Task data:

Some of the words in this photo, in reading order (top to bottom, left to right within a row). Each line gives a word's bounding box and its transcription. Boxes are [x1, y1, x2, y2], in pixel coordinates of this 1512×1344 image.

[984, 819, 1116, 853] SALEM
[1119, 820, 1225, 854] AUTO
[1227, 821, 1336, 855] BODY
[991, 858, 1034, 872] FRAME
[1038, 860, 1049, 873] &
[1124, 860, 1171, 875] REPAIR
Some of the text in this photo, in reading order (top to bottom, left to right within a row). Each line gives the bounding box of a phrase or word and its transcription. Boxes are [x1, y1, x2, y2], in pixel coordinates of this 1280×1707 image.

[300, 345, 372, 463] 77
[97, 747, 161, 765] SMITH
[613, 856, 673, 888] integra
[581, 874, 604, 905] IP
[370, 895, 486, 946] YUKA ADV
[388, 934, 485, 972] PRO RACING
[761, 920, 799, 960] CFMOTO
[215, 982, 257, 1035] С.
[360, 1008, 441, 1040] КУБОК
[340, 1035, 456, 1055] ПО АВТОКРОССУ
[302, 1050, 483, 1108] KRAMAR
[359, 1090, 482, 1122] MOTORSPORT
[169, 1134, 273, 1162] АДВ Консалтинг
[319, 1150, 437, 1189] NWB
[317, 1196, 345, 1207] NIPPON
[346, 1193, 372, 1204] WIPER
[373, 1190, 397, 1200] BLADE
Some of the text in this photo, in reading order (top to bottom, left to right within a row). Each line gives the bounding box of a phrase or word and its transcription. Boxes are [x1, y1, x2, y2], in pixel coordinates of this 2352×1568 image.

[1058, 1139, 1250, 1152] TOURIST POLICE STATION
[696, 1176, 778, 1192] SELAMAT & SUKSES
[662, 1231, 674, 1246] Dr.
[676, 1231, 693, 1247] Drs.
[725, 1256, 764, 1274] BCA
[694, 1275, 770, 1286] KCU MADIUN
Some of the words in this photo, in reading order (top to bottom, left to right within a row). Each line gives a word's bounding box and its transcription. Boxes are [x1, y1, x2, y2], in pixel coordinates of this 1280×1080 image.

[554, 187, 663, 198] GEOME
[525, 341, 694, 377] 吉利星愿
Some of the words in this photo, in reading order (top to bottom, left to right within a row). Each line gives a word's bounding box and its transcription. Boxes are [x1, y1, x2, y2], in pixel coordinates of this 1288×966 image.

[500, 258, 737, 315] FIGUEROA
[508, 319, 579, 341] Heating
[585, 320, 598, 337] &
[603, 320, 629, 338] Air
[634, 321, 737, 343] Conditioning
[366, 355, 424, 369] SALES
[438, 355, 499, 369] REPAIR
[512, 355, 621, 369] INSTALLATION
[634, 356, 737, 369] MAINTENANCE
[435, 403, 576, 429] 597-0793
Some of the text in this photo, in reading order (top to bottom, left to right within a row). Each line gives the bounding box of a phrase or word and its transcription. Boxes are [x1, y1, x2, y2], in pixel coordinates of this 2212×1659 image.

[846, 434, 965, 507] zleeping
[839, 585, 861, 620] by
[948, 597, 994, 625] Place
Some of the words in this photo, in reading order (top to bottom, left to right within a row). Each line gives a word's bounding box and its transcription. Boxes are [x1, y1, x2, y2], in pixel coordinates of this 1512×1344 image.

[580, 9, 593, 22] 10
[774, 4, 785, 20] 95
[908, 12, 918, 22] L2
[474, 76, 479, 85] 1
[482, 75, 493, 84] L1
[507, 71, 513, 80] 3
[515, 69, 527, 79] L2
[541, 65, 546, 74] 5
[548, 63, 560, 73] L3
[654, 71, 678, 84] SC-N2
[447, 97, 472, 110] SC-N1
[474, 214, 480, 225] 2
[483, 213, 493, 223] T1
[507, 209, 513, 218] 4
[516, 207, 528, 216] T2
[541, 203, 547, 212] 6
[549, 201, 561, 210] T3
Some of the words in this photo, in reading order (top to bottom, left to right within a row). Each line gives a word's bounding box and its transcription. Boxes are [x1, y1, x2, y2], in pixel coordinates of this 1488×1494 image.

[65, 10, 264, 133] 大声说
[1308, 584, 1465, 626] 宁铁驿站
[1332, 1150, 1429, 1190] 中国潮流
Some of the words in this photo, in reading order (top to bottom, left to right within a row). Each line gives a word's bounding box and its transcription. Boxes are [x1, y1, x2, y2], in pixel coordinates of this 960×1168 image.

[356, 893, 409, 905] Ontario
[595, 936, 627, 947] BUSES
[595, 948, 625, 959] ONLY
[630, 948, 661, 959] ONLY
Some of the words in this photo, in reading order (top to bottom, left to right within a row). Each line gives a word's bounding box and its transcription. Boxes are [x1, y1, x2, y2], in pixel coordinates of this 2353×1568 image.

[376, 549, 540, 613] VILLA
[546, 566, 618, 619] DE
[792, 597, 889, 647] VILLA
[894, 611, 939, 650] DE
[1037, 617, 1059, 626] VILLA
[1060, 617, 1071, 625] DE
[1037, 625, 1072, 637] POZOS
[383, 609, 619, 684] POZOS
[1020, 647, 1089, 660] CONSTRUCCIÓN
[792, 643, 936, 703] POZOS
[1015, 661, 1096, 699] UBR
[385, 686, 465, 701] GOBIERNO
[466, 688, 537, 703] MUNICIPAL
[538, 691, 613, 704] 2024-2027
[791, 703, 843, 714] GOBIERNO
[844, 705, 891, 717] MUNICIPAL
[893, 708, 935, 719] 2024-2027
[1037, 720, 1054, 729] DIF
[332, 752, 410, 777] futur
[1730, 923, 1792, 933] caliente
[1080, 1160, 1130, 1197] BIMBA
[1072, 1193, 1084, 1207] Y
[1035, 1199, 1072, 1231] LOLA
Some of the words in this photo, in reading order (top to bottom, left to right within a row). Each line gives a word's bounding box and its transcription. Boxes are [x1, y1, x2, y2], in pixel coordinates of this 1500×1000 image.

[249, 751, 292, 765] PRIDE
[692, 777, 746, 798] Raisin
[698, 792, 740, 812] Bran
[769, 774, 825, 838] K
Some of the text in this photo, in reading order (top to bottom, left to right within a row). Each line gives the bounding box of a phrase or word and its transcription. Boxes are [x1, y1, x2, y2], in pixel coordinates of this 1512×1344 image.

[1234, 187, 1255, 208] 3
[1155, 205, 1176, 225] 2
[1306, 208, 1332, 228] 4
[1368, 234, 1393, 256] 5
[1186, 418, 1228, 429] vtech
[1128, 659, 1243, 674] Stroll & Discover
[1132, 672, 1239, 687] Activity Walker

Work required:
Once you have read the data above, print all of it again exactly.

Response for this exercise:
Some of the words in this photo, in reading order (top to bottom, left to right within a row). Each line gives a word's bounding box and its transcription. Boxes are [x1, y1, x2, y2], in pixel coordinates of this 1512×1344 image.

[984, 819, 1116, 853] SALEM
[1119, 820, 1225, 854] AUTO
[1227, 821, 1336, 855] BODY
[991, 858, 1034, 872] FRAME
[1038, 860, 1049, 873] &
[1124, 860, 1171, 875] REPAIR
Some of the text in this photo, in reading order (top to bottom, left to right within a row). Each line gives the bounding box of a phrase or word and its transcription. Boxes are [x1, y1, x2, y2], in pixel coordinates of this 1280×1707 image.

[300, 345, 372, 463] 77
[97, 747, 161, 765] SMITH
[613, 856, 673, 888] integra
[581, 874, 604, 905] IP
[370, 895, 486, 946] YUKA ADV
[388, 934, 485, 972] PRO RACING
[761, 920, 799, 960] CFMOTO
[215, 982, 257, 1035] С.
[360, 1008, 441, 1040] КУБОК
[340, 1035, 456, 1055] ПО АВТОКРОССУ
[302, 1050, 483, 1108] KRAMAR
[359, 1090, 482, 1122] MOTORSPORT
[169, 1134, 273, 1162] АДВ Консалтинг
[319, 1150, 437, 1189] NWB
[317, 1196, 345, 1207] NIPPON
[346, 1193, 372, 1204] WIPER
[373, 1190, 397, 1200] BLADE
Some of the text in this photo, in reading order (top to bottom, left to right within a row). Each line gives the bounding box of a phrase or word and its transcription. Boxes are [x1, y1, x2, y2], in pixel coordinates of this 2352×1568 image.

[1058, 1139, 1250, 1152] TOURIST POLICE STATION
[696, 1176, 778, 1192] SELAMAT & SUKSES
[662, 1231, 674, 1246] Dr.
[676, 1231, 693, 1247] Drs.
[725, 1256, 764, 1274] BCA
[694, 1275, 770, 1286] KCU MADIUN
Some of the words in this photo, in reading order (top to bottom, left to right within a row). Each line gives a word's bounding box and its transcription. Boxes are [x1, y1, x2, y2], in pixel coordinates of this 1280×1080 image.

[554, 187, 663, 198] GEOME
[525, 341, 694, 377] 吉利星愿
Some of the words in this photo, in reading order (top to bottom, left to right within a row). Each line gives a word's bounding box and its transcription. Boxes are [x1, y1, x2, y2], in pixel coordinates of this 1288×966 image.

[500, 258, 737, 315] FIGUEROA
[508, 319, 579, 341] Heating
[585, 320, 598, 337] &
[603, 320, 629, 338] Air
[634, 321, 737, 343] Conditioning
[366, 355, 424, 369] SALES
[438, 355, 499, 369] REPAIR
[512, 355, 621, 369] INSTALLATION
[634, 356, 737, 369] MAINTENANCE
[435, 403, 576, 429] 597-0793
Some of the text in this photo, in reading order (top to bottom, left to right within a row). Each line gives the bounding box of a phrase or word and its transcription. Boxes are [x1, y1, x2, y2], in pixel coordinates of this 2212×1659 image.

[846, 434, 965, 507] zleeping
[839, 585, 861, 620] by
[948, 597, 994, 625] Place
Some of the words in this photo, in reading order (top to bottom, left to right within a row). Each line gives a word's bounding box and its transcription. Boxes are [x1, y1, x2, y2], in pixel coordinates of this 1512×1344 image.

[580, 9, 593, 22] 10
[774, 4, 785, 20] 95
[908, 12, 918, 22] L2
[474, 76, 479, 85] 1
[482, 75, 493, 84] L1
[507, 71, 513, 80] 3
[515, 69, 527, 79] L2
[541, 65, 546, 74] 5
[548, 63, 560, 73] L3
[654, 71, 678, 84] SC-N2
[447, 97, 472, 110] SC-N1
[474, 214, 480, 225] 2
[483, 213, 493, 223] T1
[507, 209, 513, 218] 4
[516, 207, 528, 216] T2
[541, 203, 547, 212] 6
[549, 201, 561, 210] T3
Some of the words in this photo, in reading order (top to bottom, left to right within a row). Each line gives a word's bounding box and its transcription. Boxes are [x1, y1, x2, y2], in pixel coordinates of this 1488×1494 image.

[65, 10, 264, 133] 大声说
[1308, 584, 1465, 626] 宁铁驿站
[1332, 1150, 1429, 1190] 中国潮流
Some of the words in this photo, in reading order (top to bottom, left to right within a row). Each line gives a word's bounding box and its transcription. Boxes are [x1, y1, x2, y2], in pixel coordinates of this 960×1168 image.

[356, 893, 409, 905] Ontario
[595, 936, 627, 947] BUSES
[595, 948, 625, 959] ONLY
[630, 948, 661, 959] ONLY
Some of the words in this photo, in reading order (top to bottom, left to right within a row). Each line gives a word's bounding box and its transcription. Boxes are [x1, y1, x2, y2], in pixel coordinates of this 2353×1568 image.

[376, 549, 540, 613] VILLA
[546, 566, 618, 619] DE
[792, 597, 889, 647] VILLA
[894, 611, 939, 650] DE
[1037, 617, 1059, 626] VILLA
[1060, 617, 1071, 625] DE
[1037, 625, 1072, 637] POZOS
[383, 609, 619, 684] POZOS
[1020, 647, 1089, 660] CONSTRUCCIÓN
[792, 643, 936, 703] POZOS
[1015, 661, 1096, 699] UBR
[385, 686, 465, 701] GOBIERNO
[466, 688, 537, 703] MUNICIPAL
[538, 691, 613, 704] 2024-2027
[791, 703, 843, 714] GOBIERNO
[844, 705, 891, 717] MUNICIPAL
[893, 708, 935, 719] 2024-2027
[1037, 720, 1054, 729] DIF
[332, 752, 410, 777] futur
[1730, 923, 1792, 933] caliente
[1080, 1160, 1130, 1197] BIMBA
[1072, 1193, 1084, 1207] Y
[1035, 1199, 1072, 1231] LOLA
Some of the words in this photo, in reading order (top to bottom, left to right within a row). Each line gives a word's bounding box and its transcription. Boxes are [x1, y1, x2, y2], in pixel coordinates of this 1500×1000 image.

[249, 751, 292, 765] PRIDE
[692, 777, 746, 798] Raisin
[698, 792, 740, 812] Bran
[769, 774, 825, 838] K
Some of the text in this photo, in reading order (top to bottom, left to right within a row). Each line gives the bounding box of a phrase or word and its transcription. Boxes are [x1, y1, x2, y2], in pixel coordinates of this 1512×1344 image.

[1234, 187, 1255, 208] 3
[1155, 205, 1176, 225] 2
[1306, 208, 1332, 228] 4
[1368, 234, 1393, 256] 5
[1186, 418, 1228, 429] vtech
[1128, 659, 1243, 674] Stroll & Discover
[1132, 672, 1239, 687] Activity Walker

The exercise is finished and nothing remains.